Dive Brief:
- When teachers want academic interventions for struggling students, they are more likely to seek advice from their peers than from administrators. But when they aren’t sure what to do about behavior, absenteeism or other nonacademic issues in their classroom, school leaders and other support staff members are their first choice for guidance.
- Those are among the latest findings from the RAND Corp.’s American Educator Panels (AEP), a set of surveys for teachers and administrators. The researchers asked questions about the variety of sources educators use to find programs and materials that can help students.
- Teachers are also developing their own resources — more for academic than nonacademic support — searching the internet and using a specific online or print source. Only a small fraction of respondents, however, said they used social media to find interventions: 2% for academic and 1% for nonacademic.
Dive Insight:
Teachers participating in the AEP also had a lot to say recently about student discipline trends as a part of a Thomas B. Fordham Institute report. Responses showed teachers support newer approaches to discipline, such as restorative practices, but roughly half think out-of-school suspension isn't used enough. The responses in this new survey suggest teachers are looking to administrators for leadership on interventions to improve student behavior.
Researchers also asked teachers and school leaders about the factors they consider when choosing an intervention. Both groups said whether a program or strategy is applicable to their students and local context is the most important factor. For administrators, the second most important factor is whether there is strong evidence to show the invention is effective. And for teachers, whether the intervention is easy to implement is the second most important factor.
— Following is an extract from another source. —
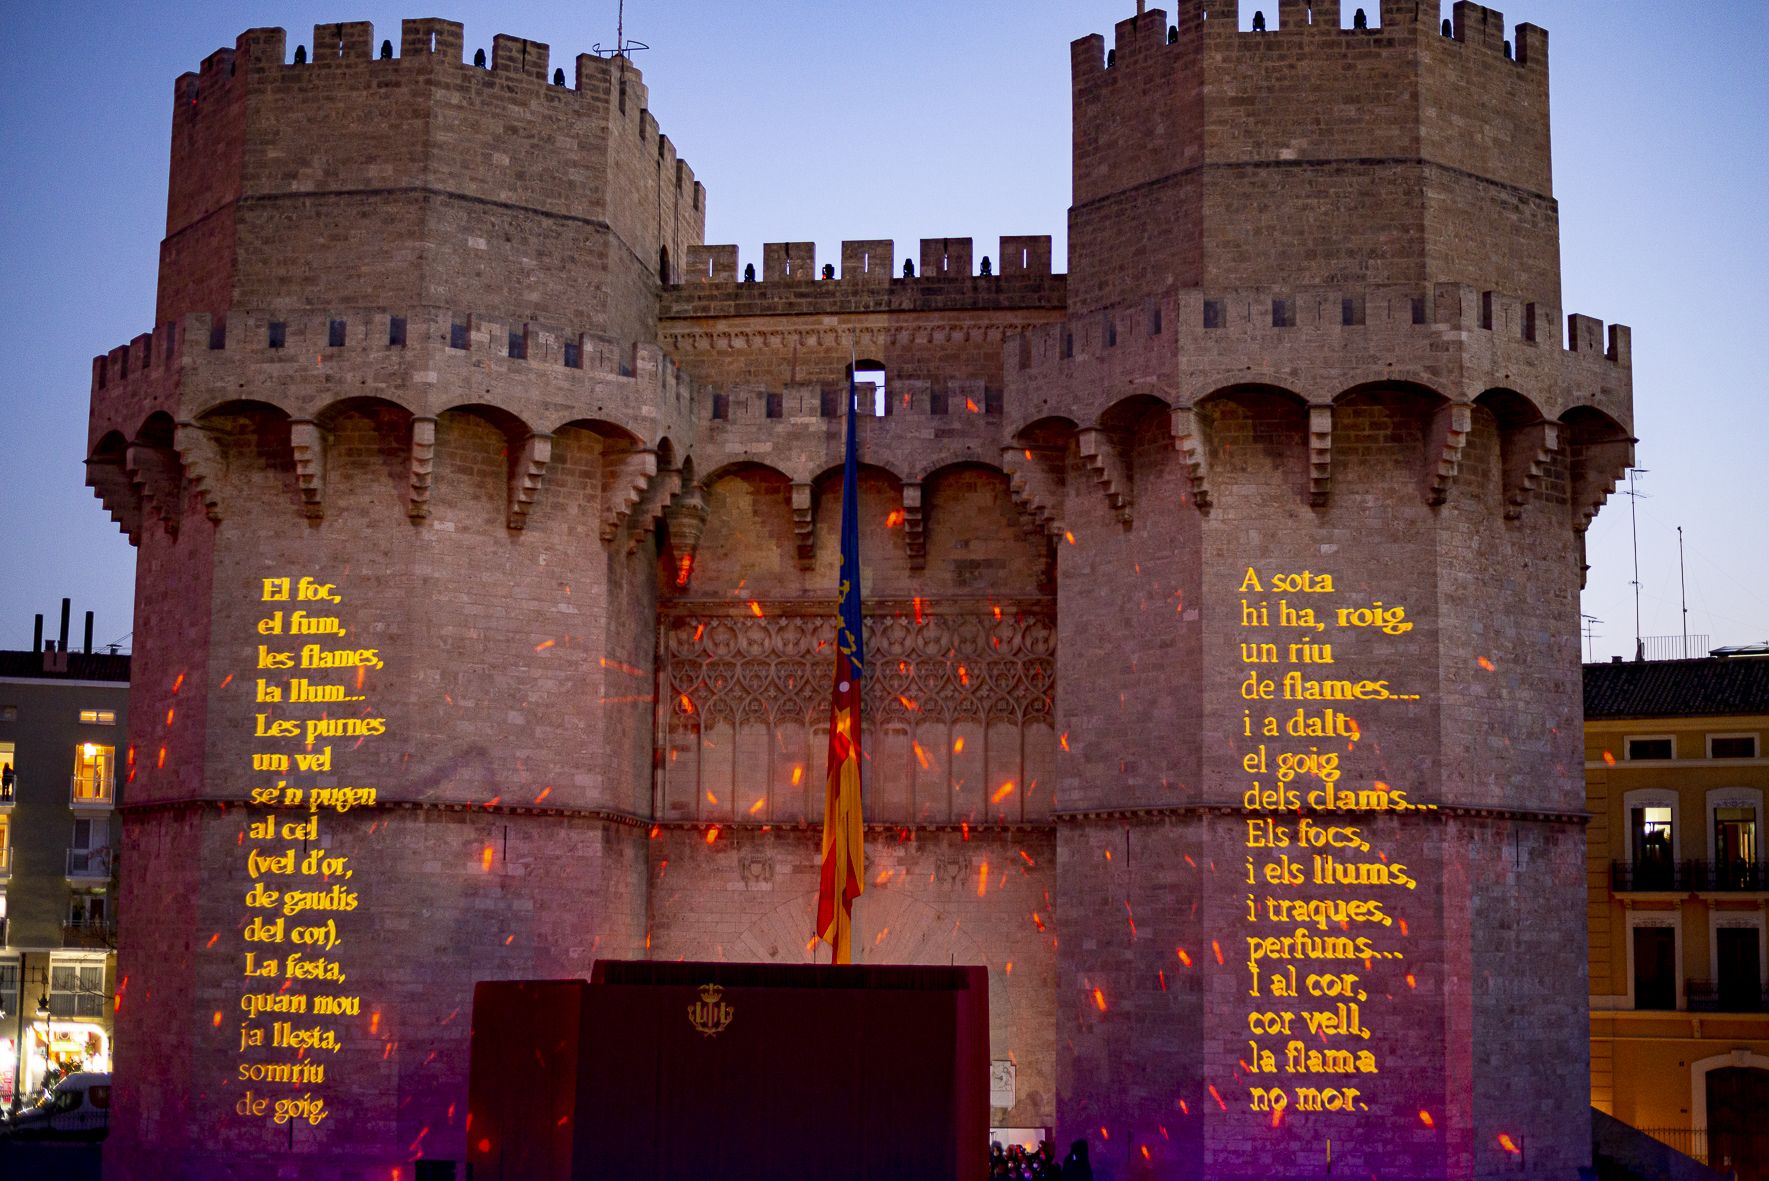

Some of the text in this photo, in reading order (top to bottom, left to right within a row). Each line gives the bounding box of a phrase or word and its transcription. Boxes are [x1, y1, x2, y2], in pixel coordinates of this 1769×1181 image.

The RAND survey authors note that the Every Student Succeeds Act provides funds for interventions to address both academic and nonacademic needs and that school districts can increase efforts to find evidence-based programs that can adapt to local needs. That was also the topic of a recent article appearing in the American Educational Research Journal.
University of California San Diego researchers Kathryn Joyce and Nancy Cartwright note a randomized controlled trial is considered the most rigorous way to measure whether an intervention is effective, but that researchers should also provide educators and local decision-makers with ways to “predict if an intervention is likely to work in their setting, what it would take to get it to do so, and whom it might help and whom it might harm.”